SOURCE DATA:

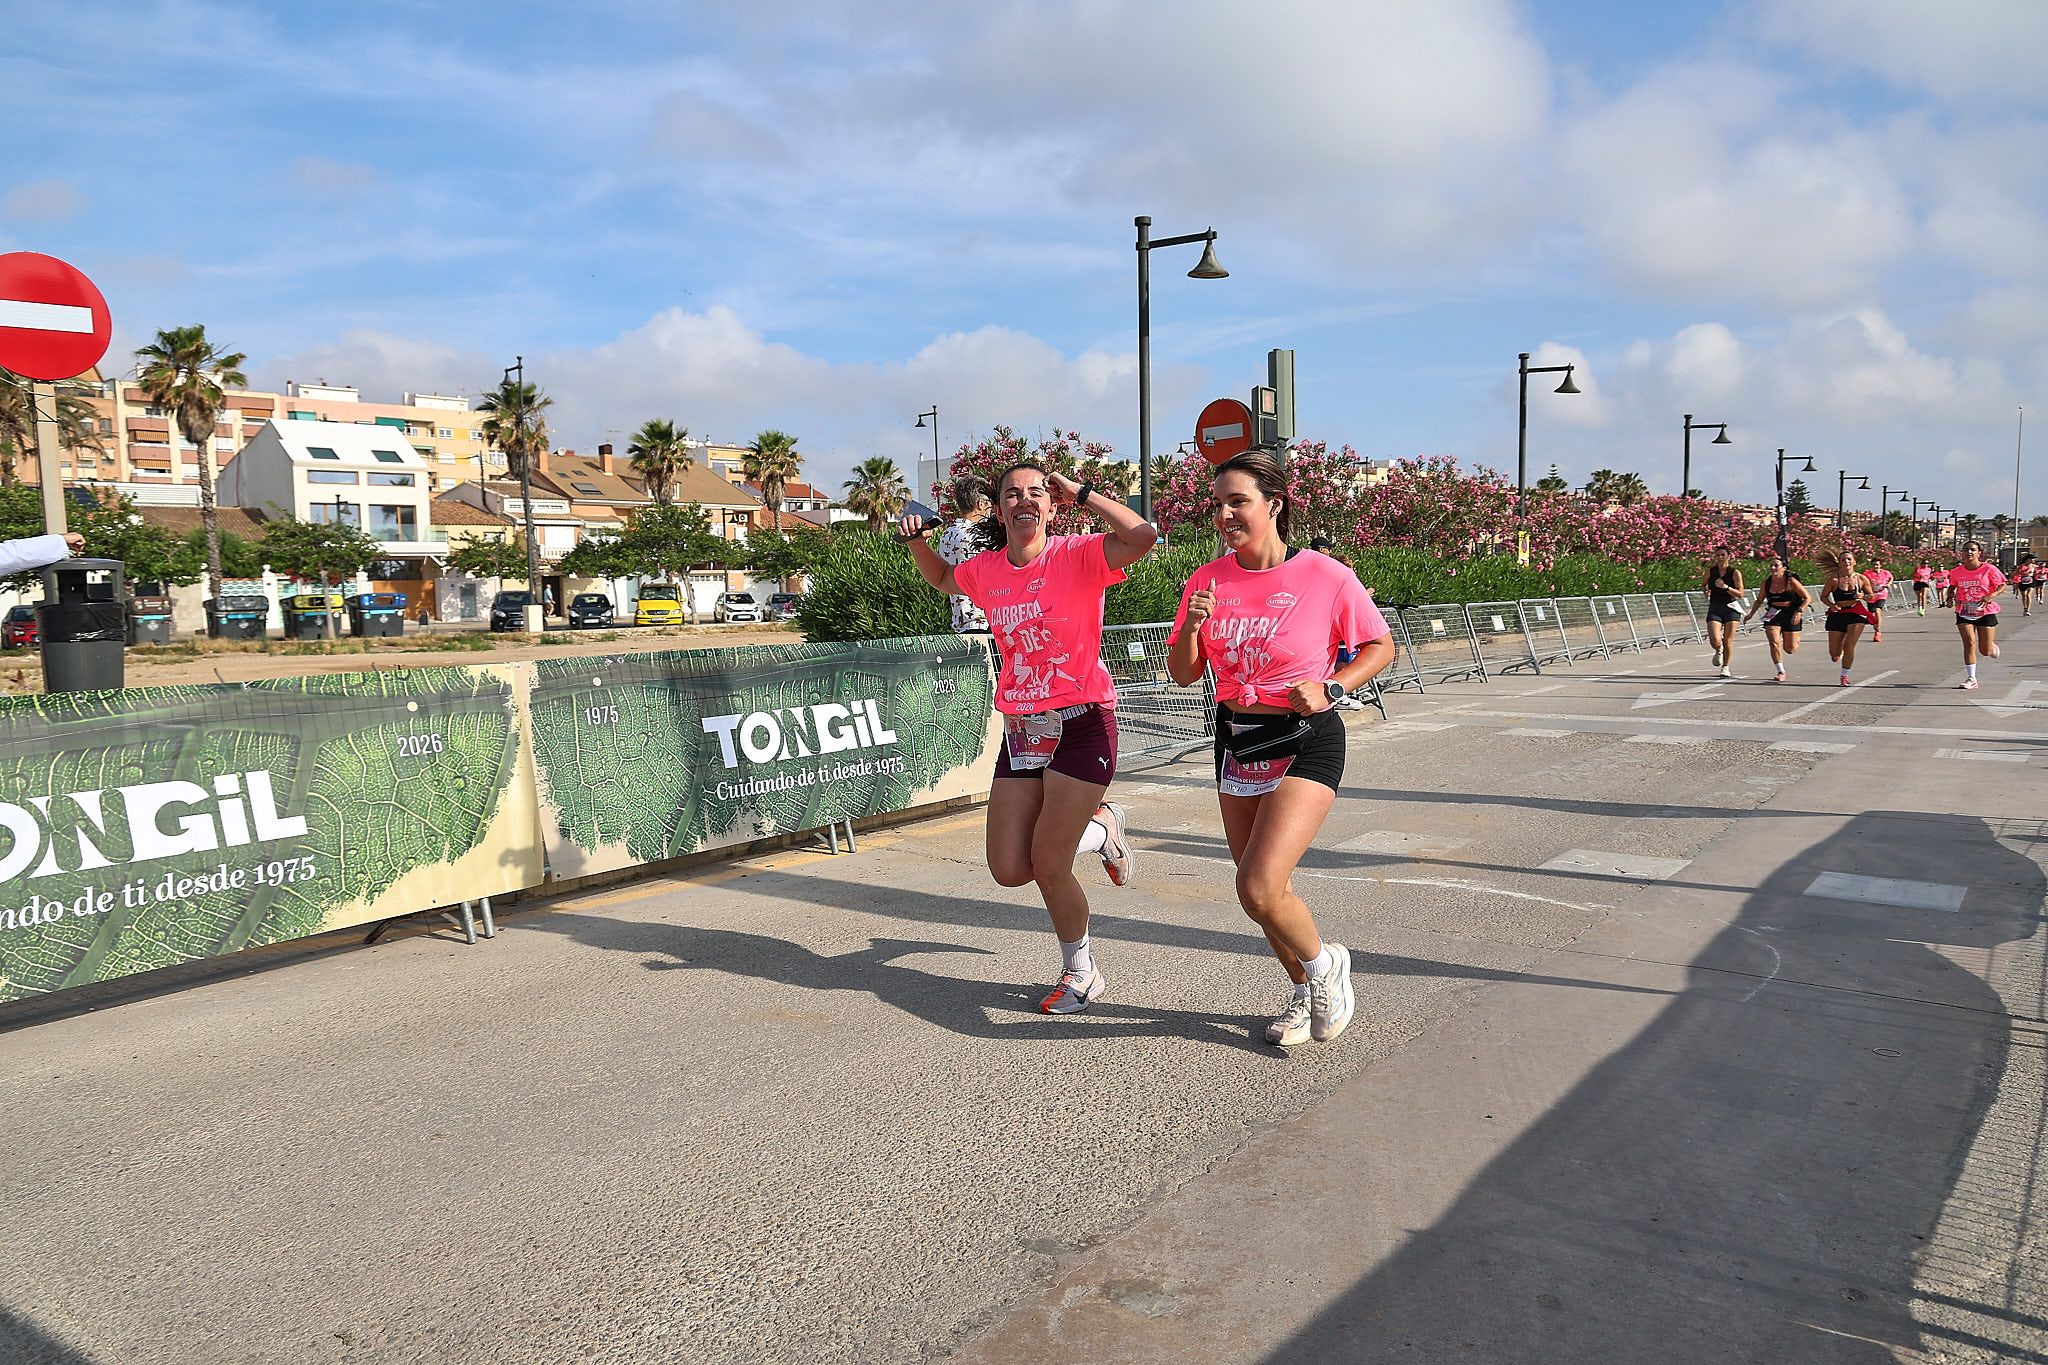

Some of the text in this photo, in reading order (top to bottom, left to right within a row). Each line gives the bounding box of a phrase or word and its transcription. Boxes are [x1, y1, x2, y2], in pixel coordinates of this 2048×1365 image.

[1215, 597, 1241, 607] YSHO
[933, 679, 955, 694] 2026
[584, 705, 619, 726] 1975
[397, 733, 443, 757] 2026
[716, 756, 904, 800] Cuidando de ti desde 1975
[73, 885, 115, 917] de
[122, 878, 149, 908] ti
[155, 864, 246, 902] desde
[253, 854, 316, 887] 1975
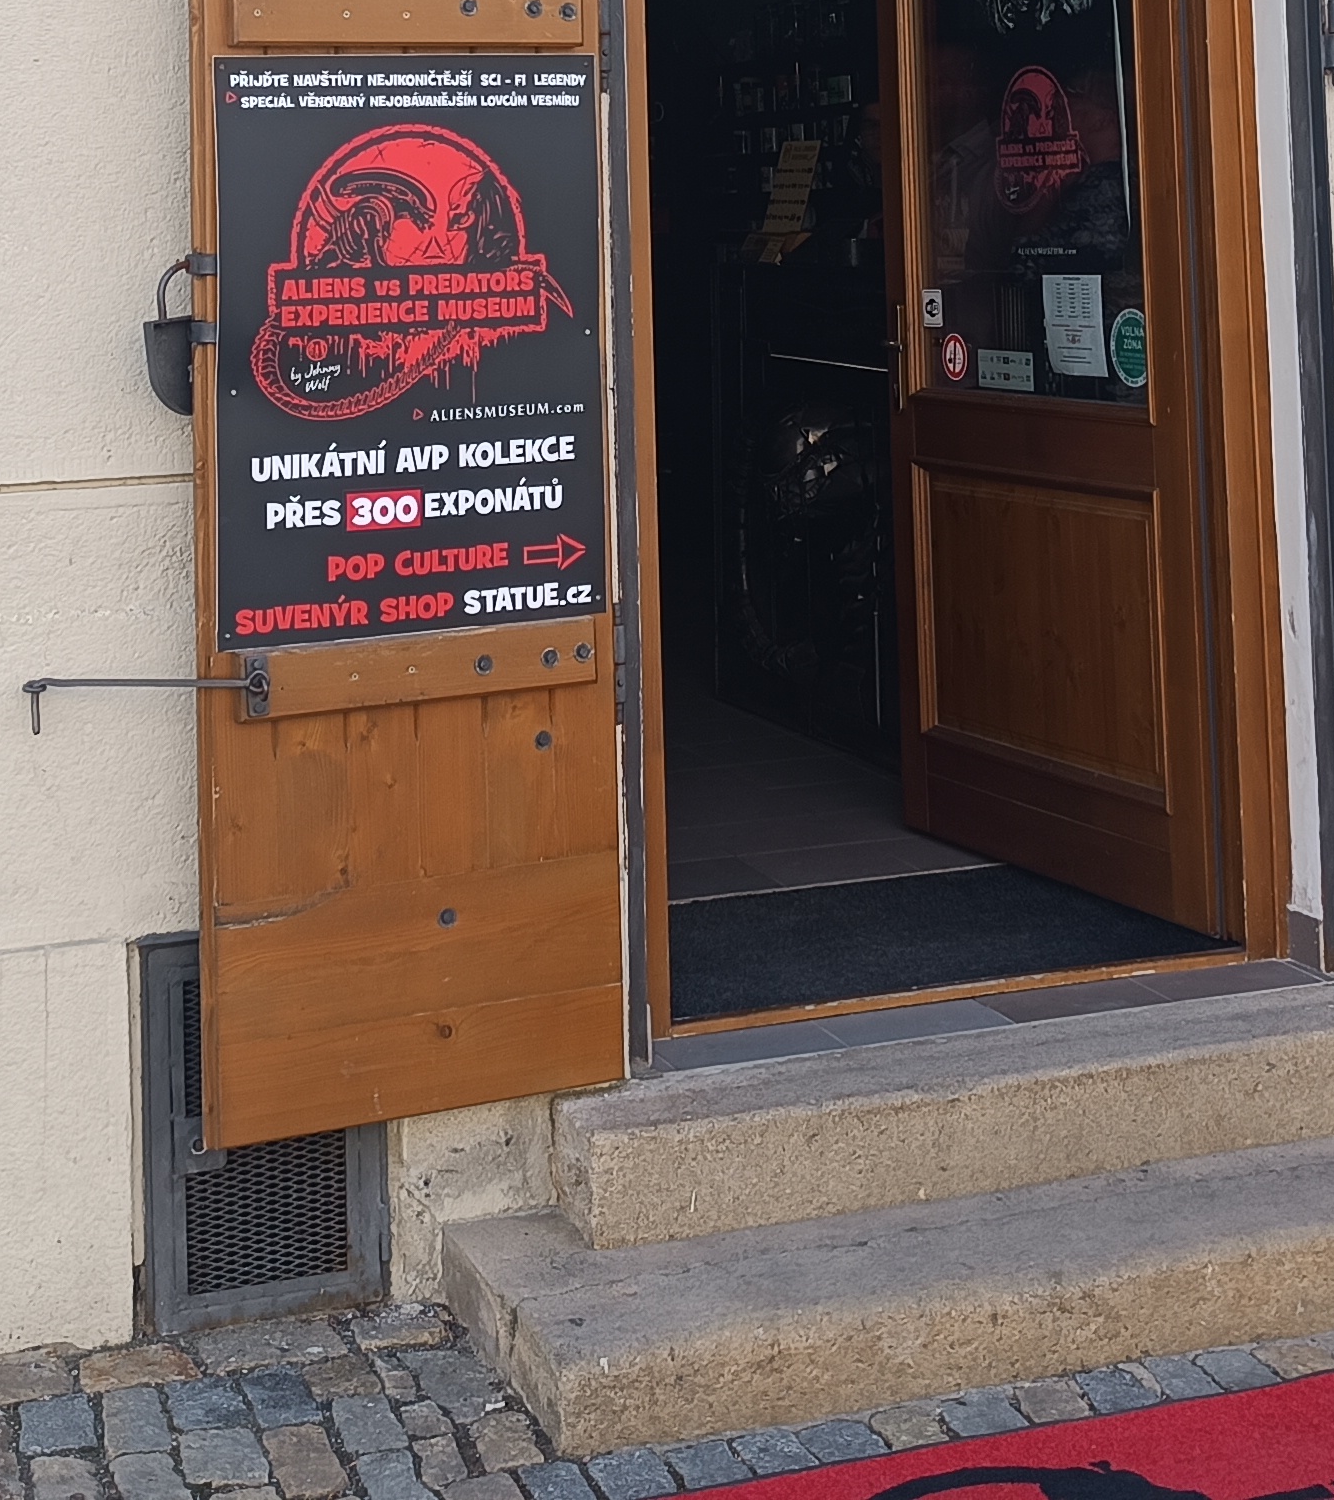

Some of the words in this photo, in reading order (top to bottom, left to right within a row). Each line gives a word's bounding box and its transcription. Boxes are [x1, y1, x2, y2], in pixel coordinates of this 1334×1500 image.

INSTRUCTIONS TO FOLLOW:
Give every line above again exactly, omitting whatever pictures appear.

WRITTEN RESPONSE:
Some of the text in this photo, in reading order (top to bottom, left to right within a row). Each line gives the bounding box of a phrase or word and its transcription. Boxes are [x1, y1, x2, y2], in pixel coordinates of this 2048×1365 image.

[1215, 597, 1241, 607] YSHO
[933, 679, 955, 694] 2026
[584, 705, 619, 726] 1975
[397, 733, 443, 757] 2026
[716, 756, 904, 800] Cuidando de ti desde 1975
[73, 885, 115, 917] de
[122, 878, 149, 908] ti
[155, 864, 246, 902] desde
[253, 854, 316, 887] 1975

Some of the words in this photo, in reading order (top to bottom, left to right within a row). Each line gives a word's bounding box and its transcription. Boxes are [x1, y1, x2, y2], in pixel coordinates of this 1334×1500 image.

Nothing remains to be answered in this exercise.